Air conditioning preventative maintenance
Some regular HVAC system maintenance is easy enough for any homeowner to do. Other tasks require a trained professional.
Changing the air filter is one of those easy tasks and should be done every one to three months. Often the filter is in the air return area before the air flow enters the unit.
More expensive high-efficiency filters, such as HEPA, are not always better.
“If you have a system designed for a low-efficiency filter so that air passes through it very easily and you pull it up and replace it with a high-efficiency filter, it is more restrictive so that air doesn’t move through the system and that’s low airflow can cause components to overheat and shut down the system,” Davis explained.
But allowing more air to circulate can also mean that more trash makes its way into the coils, causing them to get dirty.
Change these filters often if you have allergies, pets, or if the unit is in constant use.
The 20″ x 20″ air filter sells for $2 to $12 depending on quality. This is a common size, but make sure you know what size your unit needs. There are dozens.
It’s also important, Davis said:
- Free up space around the outdoor unit: Make sure there is at least two feet of space around the compressor. Remove leaves and plants that are too close. Trim trees that can drop leaves and seeds on the unit.
- Clean the condensing unit: The metal fins on top are clogged with dirt, pollen and other things. Use a regular garden hose to do this, not a power washer that can damage the delicate fins. Use a fin comb to gently bend any bent fins obstructing airflow through the coil.
- Make sure the unit is level: The compressor may fail if it is not.
- Flushing the drainpipe and drain pan: Clogs can cause leaks or backups.
If you have an oven, turn the water off the humidifier in the summer when it’s not running. Before it cools down, replace the filter in the humidifier and turn the water back on.
For window units, make sure that the seal between the air conditioner and the window is solid and that it connects to the air conditioner’s can. Moisture can damage the seal and allow cold air to escape from the home.
While some tasks are easy to do, there are others that should be left to the professionals.
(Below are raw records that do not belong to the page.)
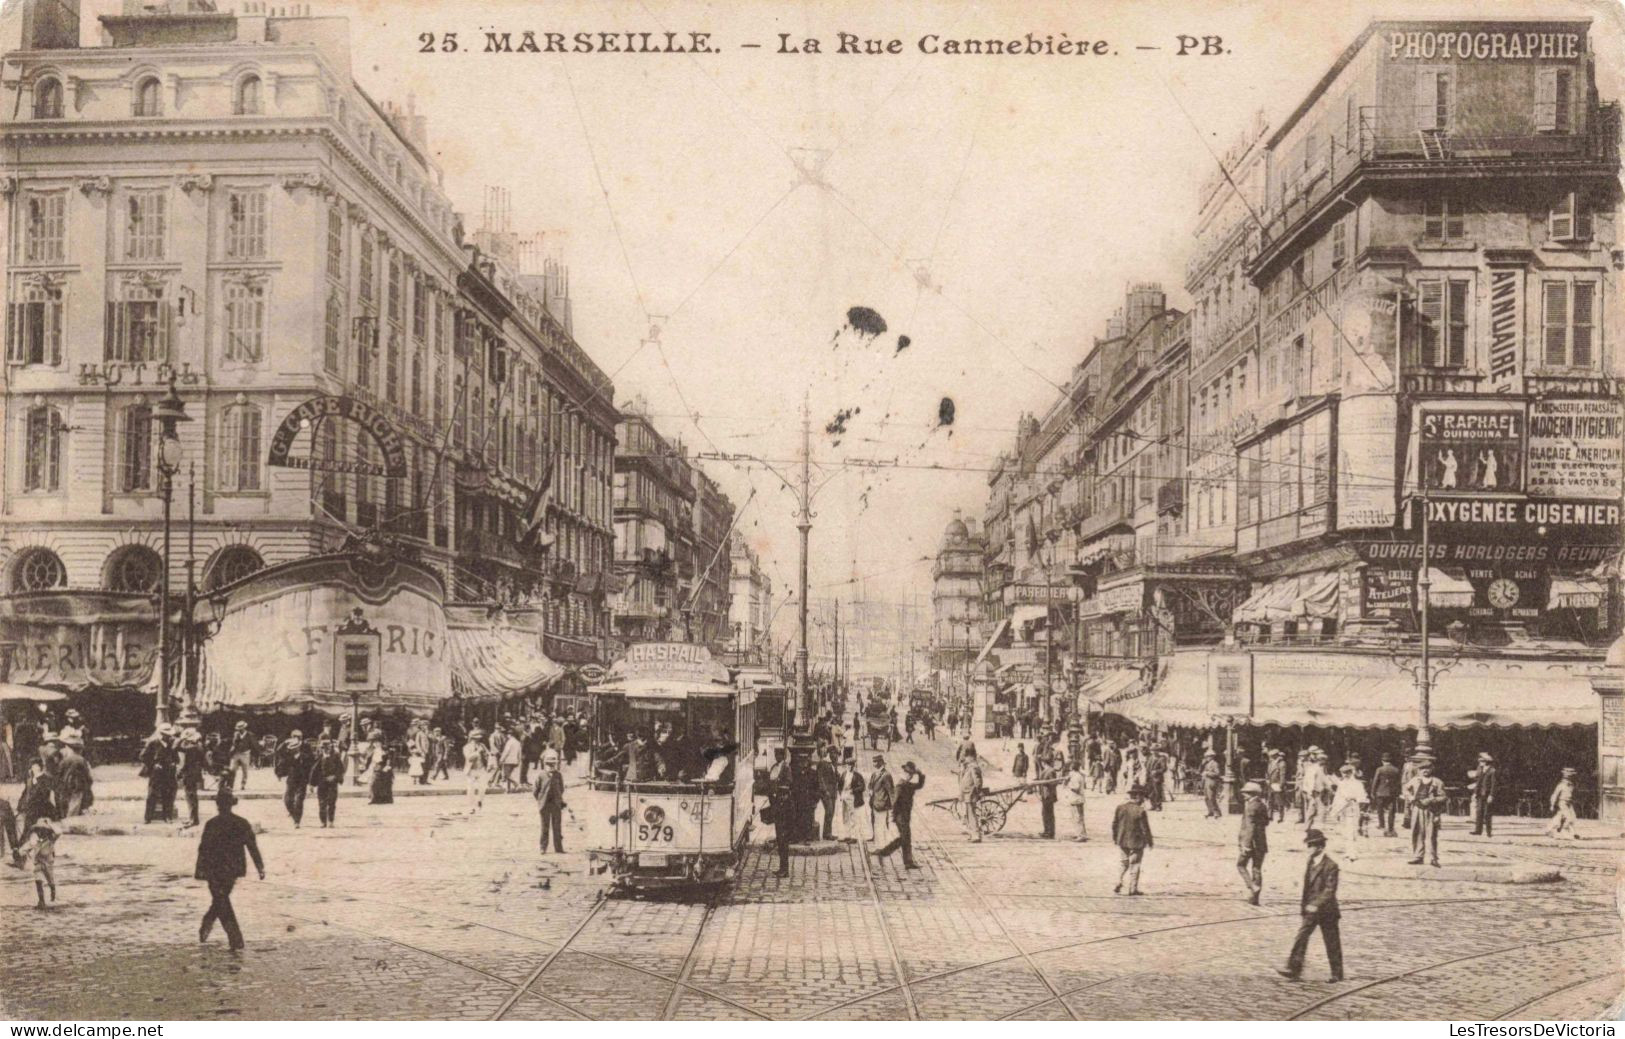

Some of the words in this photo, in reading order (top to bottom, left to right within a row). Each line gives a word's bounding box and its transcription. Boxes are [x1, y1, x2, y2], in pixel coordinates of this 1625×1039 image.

[1389, 31, 1579, 60] PHOTOGRAPHIE
[1492, 271, 1516, 384] ANNUAIRE
[348, 401, 402, 465] RICHE
[1524, 504, 1620, 524] CUSENIER
[1369, 543, 1448, 558] OUVRIERS
[1454, 545, 1549, 560] HORLOGERS
[1470, 570, 1493, 578] VENTE
[638, 825, 673, 842] 579
Depending on where you live, maintenance checks can cost anywhere from a special price of about $30 to over $100.
The difference between what service companies provide and what they charge, Davis said, prompted ACCA to develop national standards. The standards created a set of minimum tasks that must occur in an HVAC maintenance inspection.
- Wash files.
- Check the exchange.
- Vacuum blower booths.
- Look at the voltage and all connections.
- Check refrigerant levels.
- Look for any leaks that could cause the system to run more aggressively than it should.
- Lubricate the engine.
- Clean the condenser lines.
- Measure the air flow through the evaporator coils.
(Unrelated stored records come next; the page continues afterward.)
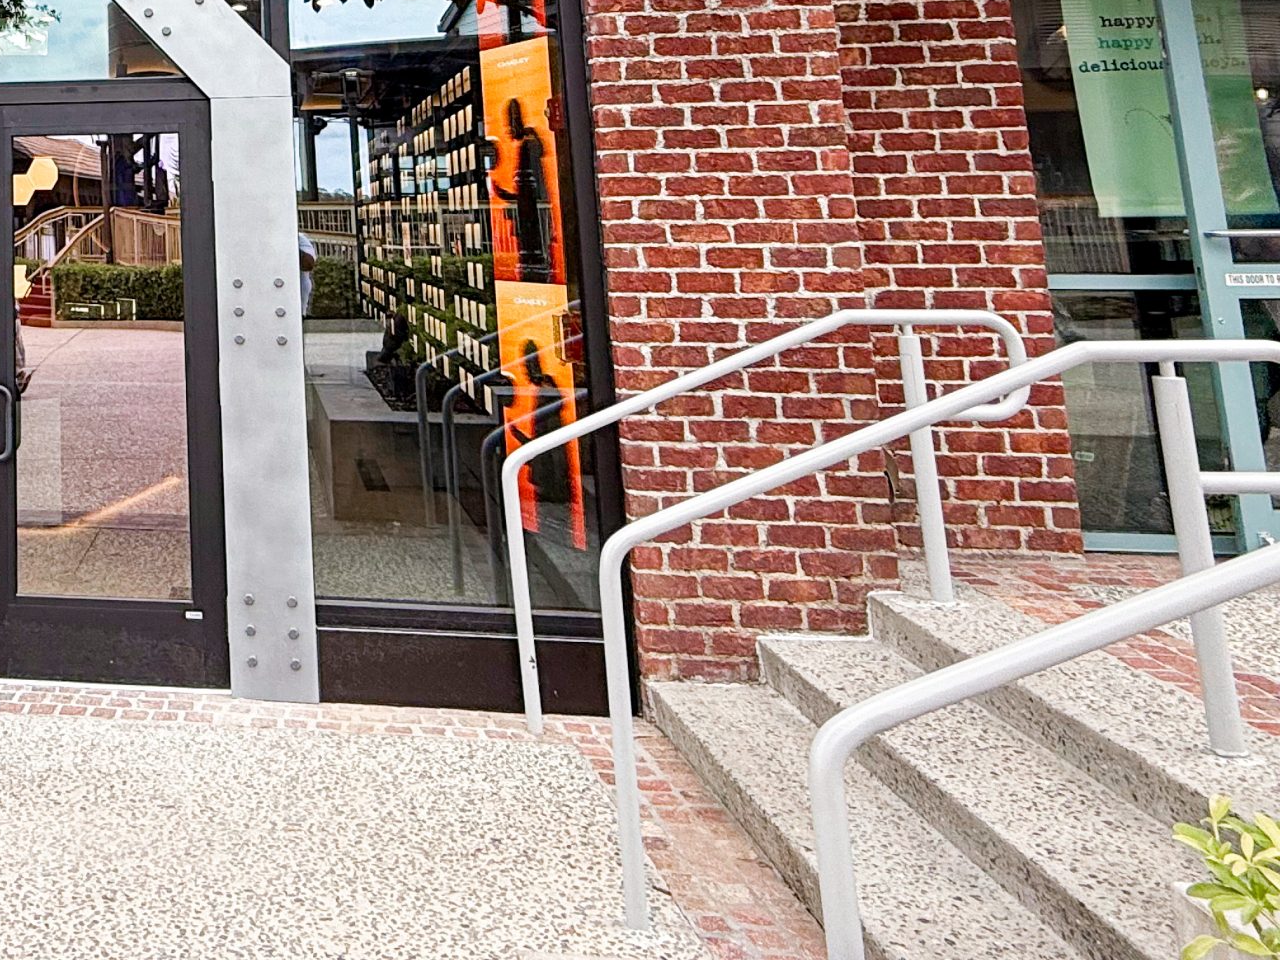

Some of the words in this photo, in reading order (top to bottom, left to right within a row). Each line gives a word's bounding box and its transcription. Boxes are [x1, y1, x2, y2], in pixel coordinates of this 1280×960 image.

[1099, 15, 1156, 29] happy
[1098, 37, 1154, 50] happy
[1228, 274, 1244, 284] THIS
[1245, 274, 1264, 284] DOOR
[1265, 274, 1275, 284] TO
- Check all accessible air ducts for areas of moisture accumulation or biological growth.
- Check safety devices.
Some HVAC companies have annual maintenance plans, which may include priority service, so ask the company you use about the potential benefits of owning these plans.
Davis recommended asking HVAC what tasks will be performed during the maintenance call, adding that some of the lowest-cost companies look to generate new customers and new customers rather than prevent problems. In addition, he suggested asking whether the company follows ACCA standards or belongs to a trade association.
“Things like this tend to indicate contractors who are doing a better job,” he said.
Signs of an HVAC problem
Even if you maintain your HVAC system, problems can still certainly occur
Signs of potential problems include:
- Warm air escapes from the vents when the air conditioner is running.
- The system shuts down by itself intermittently.
- The temperature is unbalanced around your house.
- The noise is louder than normal while the unit is operating.
- Energy bills are higher than usual
At the very least, Davis recommends scheduling a maintenance service call if you can’t remember the last time you made a call.
Tiffany Sherman is a freelance reporter based in Florida with over 25 years of experience writing on finance, health, travel and other topics.